Could factory farming really cause the next pandemic?
Short answer: Yes. Most new human diseases come from animals, and crowding thousands of genetically similar animals together is how a mild virus becomes a killer.
Around 60% of known human infectious diseases, and up to 75% of new ones, originate in animals. Swine flu (H1N1) and avian flu (H5N1) both trace back to farmed animals.
UNEP / ILRI (2020)
The objection
“Pandemics are bad luck from wet markets or bats, nothing to do with the chicken in my fridge.”
The answer
This is a design flaw, and we built it.
The UN is blunt: around 60% of known human infectious diseases, and up to 75% of emerging ones, come from animals. Factory farming is close to a perfect incubator for the next one. Take tens of thousands of animals, breed them to be genetically near-identical, pack them together stressed and immune-suppressed, and you have given a virus an unbroken chain of hosts to spread, mutate and amplify in. Swine flu (H1N1) emerged from intensive pig farming; bird flu (H5N1), now killing wild mammals and jumping to dairy cattle, is propagated through industrial poultry.
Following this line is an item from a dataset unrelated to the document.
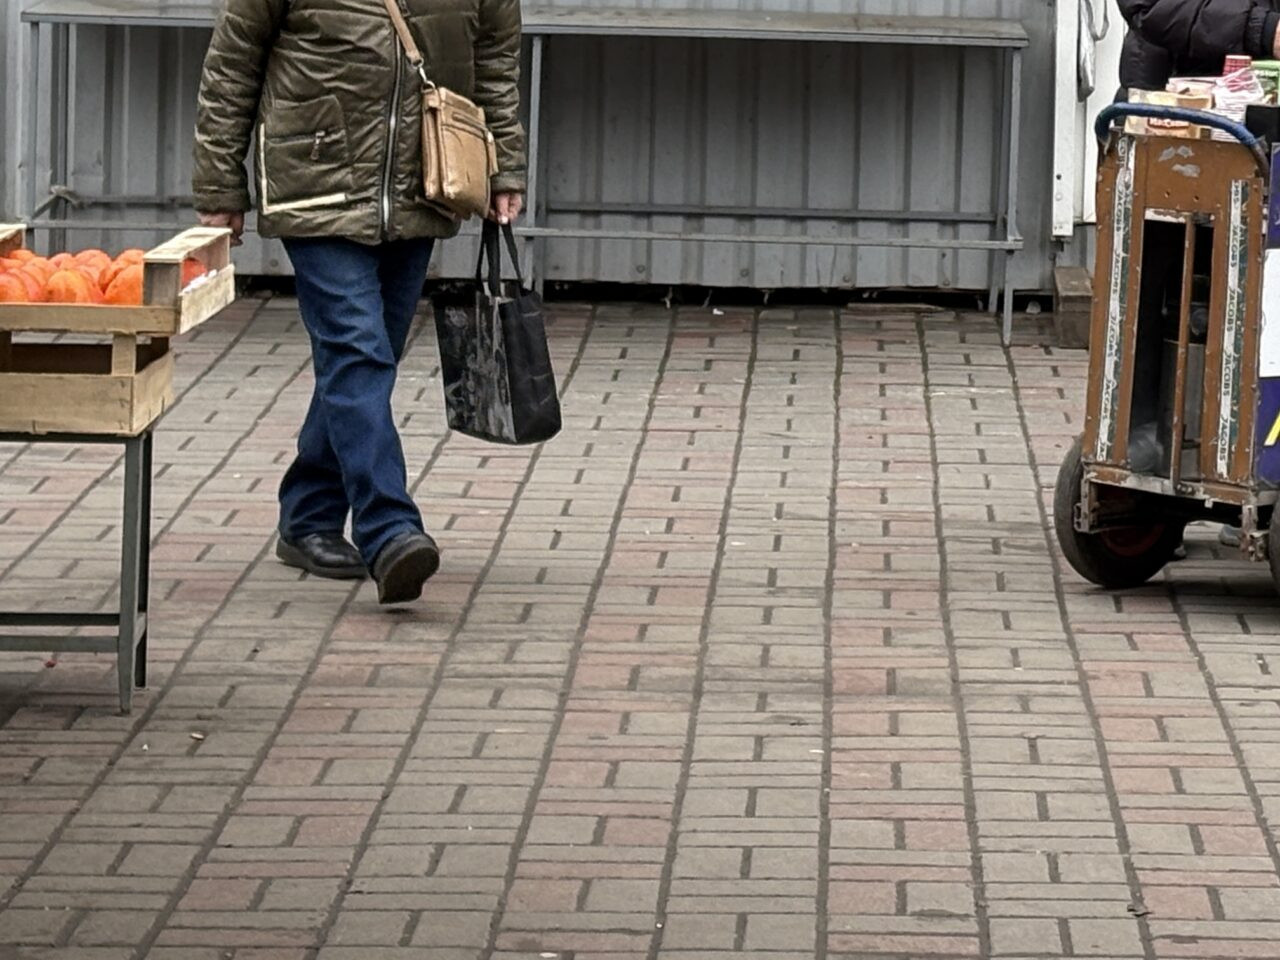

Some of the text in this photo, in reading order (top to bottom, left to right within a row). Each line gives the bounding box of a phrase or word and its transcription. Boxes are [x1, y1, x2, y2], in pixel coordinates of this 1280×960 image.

There is a slower pandemic running alongside it. More than 73% of the world’s antibiotics are used on farmed animals rather than people, much of it routine, which makes the sheds a production line for antibiotic-resistant bacteria. Drug-resistant infections were already linked to over a million deaths in a single year.
Here is the bit that should land even with someone who feels nothing for the animals: the risk lands on you. The crowding that makes meat cheap is the same crowding that makes the next outbreak likely. You can care nothing for the pig and still not want what the pig shed is brewing.